Dataset entries
★ ★ ★
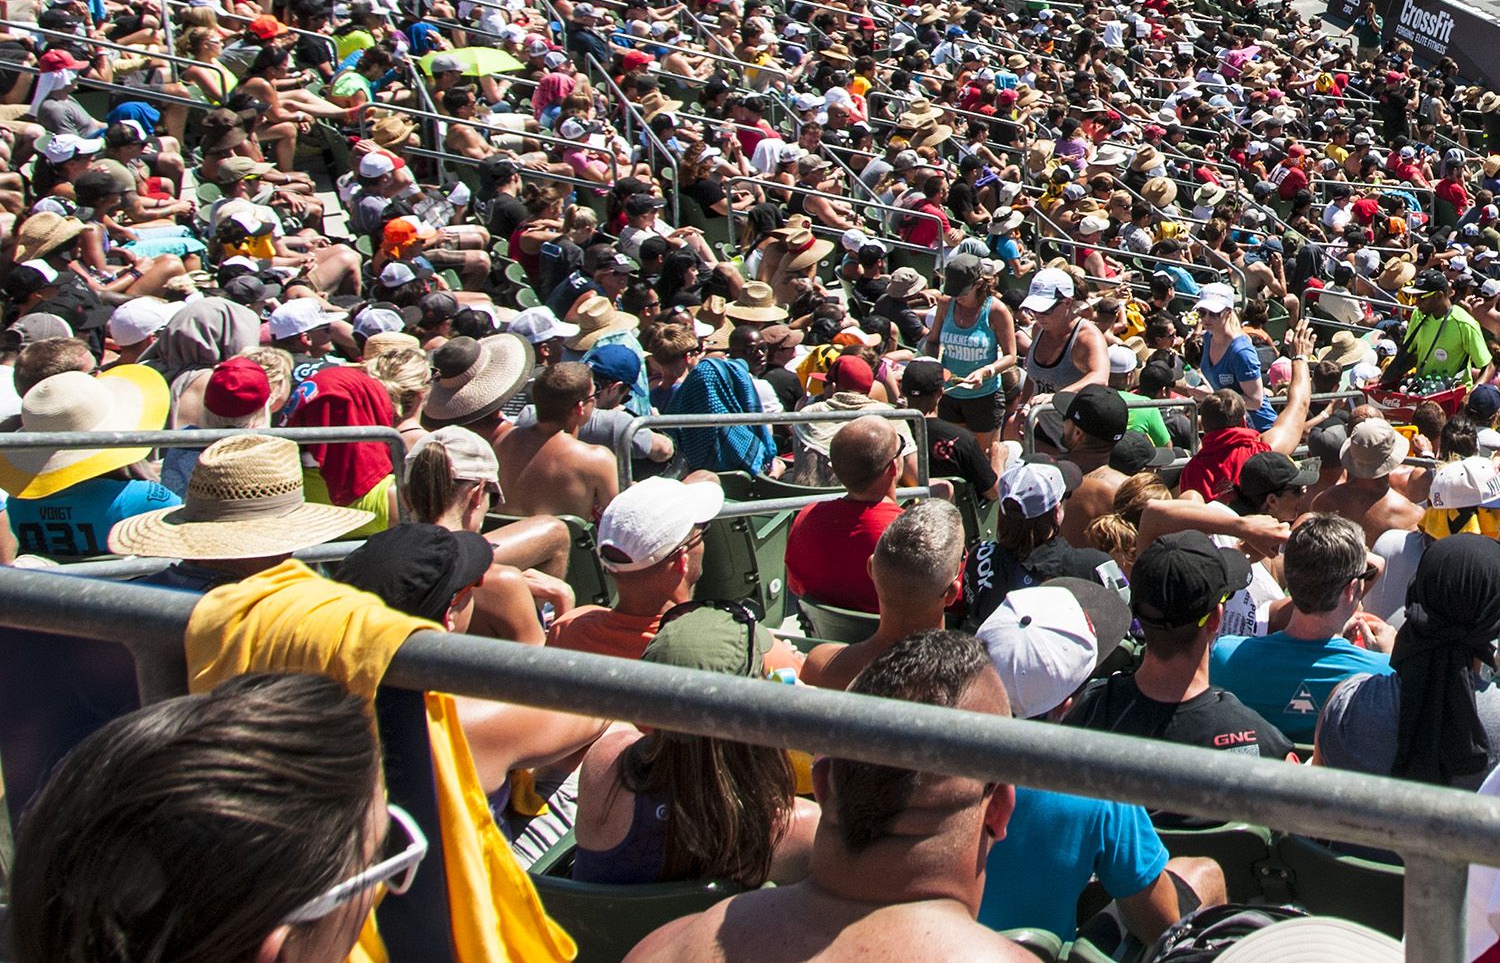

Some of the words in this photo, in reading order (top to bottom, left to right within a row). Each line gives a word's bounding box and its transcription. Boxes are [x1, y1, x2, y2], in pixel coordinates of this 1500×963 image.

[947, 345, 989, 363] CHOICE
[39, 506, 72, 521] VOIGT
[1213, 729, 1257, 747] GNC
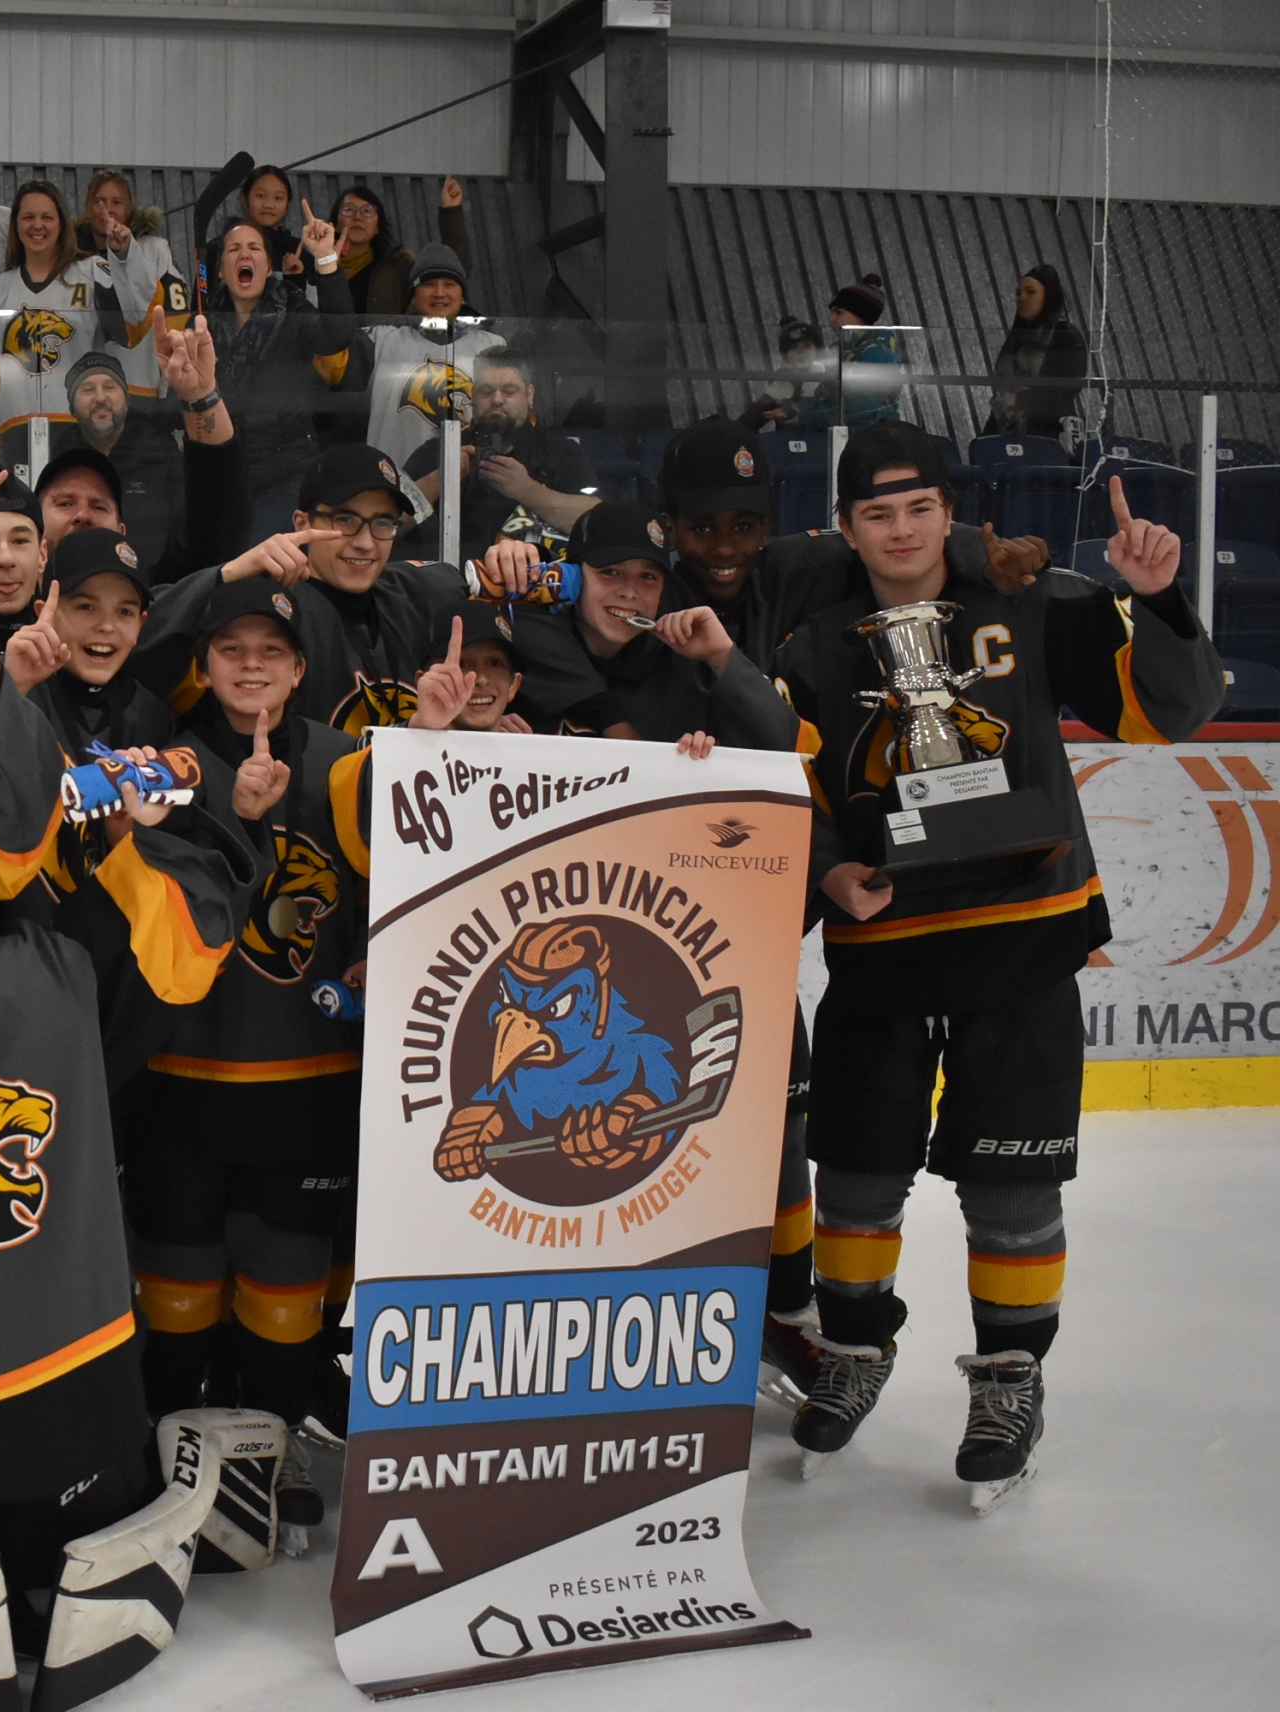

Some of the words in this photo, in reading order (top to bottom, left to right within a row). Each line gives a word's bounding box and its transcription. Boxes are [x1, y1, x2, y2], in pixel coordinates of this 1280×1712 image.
★ ★ ★
- _EXERCISE DESCRIPTION_:
The whole of the data needs to be copied word for word, though not its pictures.

- _RESPONSE TO THIS EXERCISE_:
Some of the words in this photo, in reading order (top to bottom, left to right within a row). Each line gives a word's bounding box and its transcription. Boxes are [x1, y1, x2, y2], in pixel coordinates of this 1500×963 image.

[947, 345, 989, 363] CHOICE
[39, 506, 72, 521] VOIGT
[1213, 729, 1257, 747] GNC

Some of the words in this photo, in reading order (top to bottom, left to right within a row). Each line gives a word's bounding box and its transcription. Boxes are [x1, y1, x2, y2], in pixel coordinates of this 1280×1712 image.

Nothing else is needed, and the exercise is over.